Superior Court of New Jersey, Appellate Division
Feb 14, 1992
254 N.J. Super. 43 (App. Div. 1992)

Summary

In Gilbert Spruance, plaintiff, a Pennsylvania paint manufacturer, purchased general liability policies from defendant insurer.

Summary of this case from General Metalcraft, Inc. v. Liberty Mut. Ins. Co.

Opinion

Submitted January 6, 1992 —

Decided February 14, 1992.

On appeal from the Superior Court, Law Division, Camden County.

Before Judges PETRELLA, R.S. COHEN and KESTIN.

Rapp, White, Janssen German, attorneys for appellant ( Henry H. Janssen on the brief).

Robinson Sacharow and Sherr, Joffe Zuckerman, attorneys for respondent ( Steven Steingard and Mark C. Schultz on the brief).
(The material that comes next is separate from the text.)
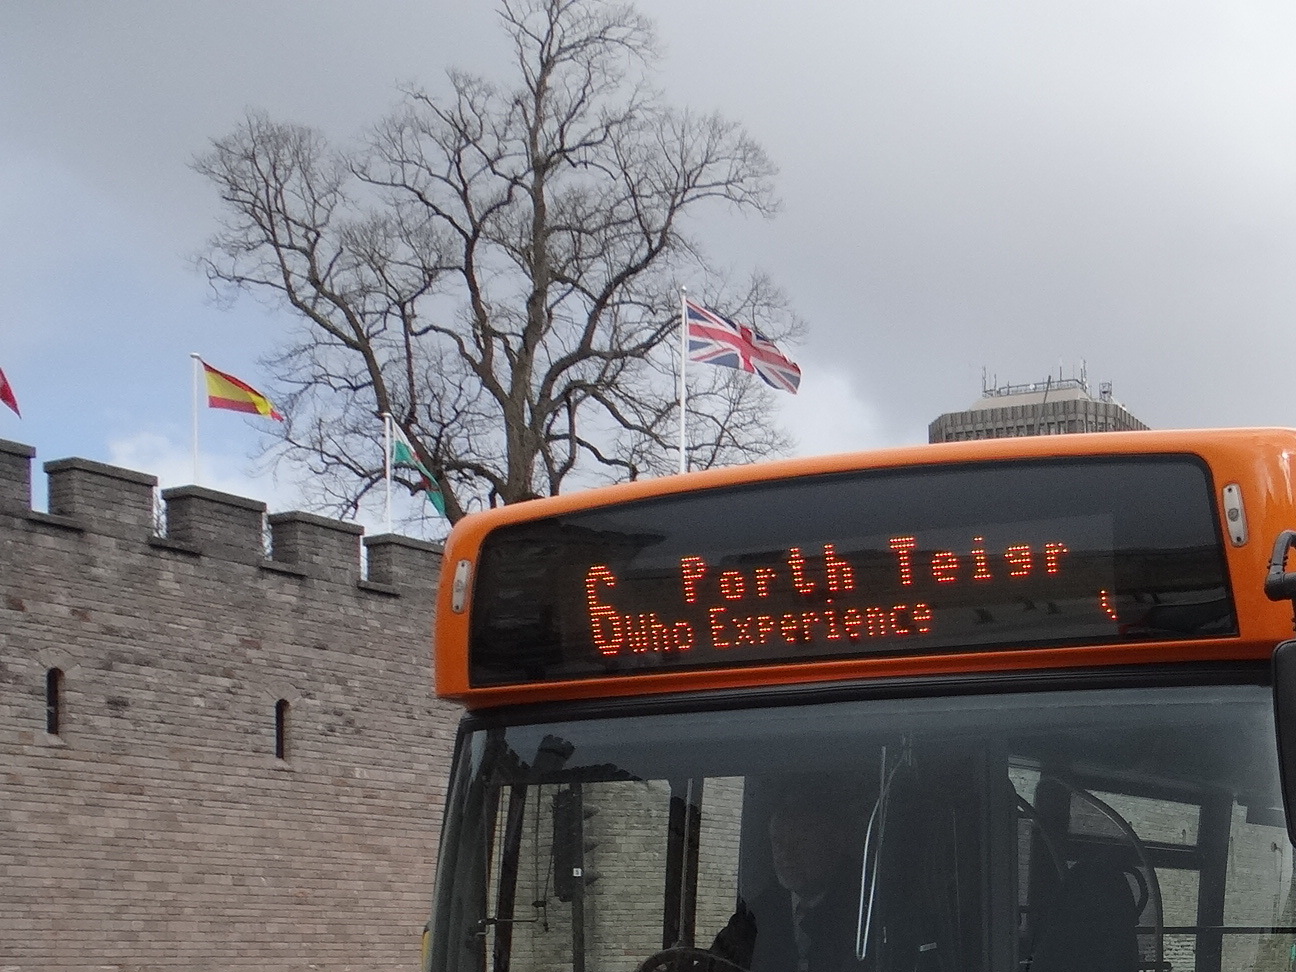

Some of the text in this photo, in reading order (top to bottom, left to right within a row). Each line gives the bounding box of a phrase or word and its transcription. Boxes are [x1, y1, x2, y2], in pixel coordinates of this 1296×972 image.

Smith, Stratton, Wise, Heher Brennan, attorneys for amicus curiae Insurance Environmental Litigation Association ( Wendy L. Mager on the brief).


Plaintiff The Gilbert Spruance Company is a Pennsylvania corporation which manufactures paint in Philadelphia. Defendant Pennsylvania Manufacturers' Association Insurance Company ("PMA") is a Pennsylvania insurer which is licensed to do business in New Jersey. From 1971 through 1988, PMA issued plaintiff comprehensive general liability policies. Each of them contained a pollution exclusion clause in these words:

As to pre-1973 policies, see infra at 51.

This insurance does not apply:

* * * * * * * *

(f) to bodily injury or property damage arising out of the discharge, dispersal, release or escape of smoke, vapors, soot, fumes, acids, alkalis, toxic chemicals, liquids or gases, waste materials or other irritants, contaminants or pollutants into or upon land, the atmosphere or any watercourse or body of water; but this exclusion does not apply if such discharge, dispersal, release or escape is sudden and accidental. . . . [emphasis added]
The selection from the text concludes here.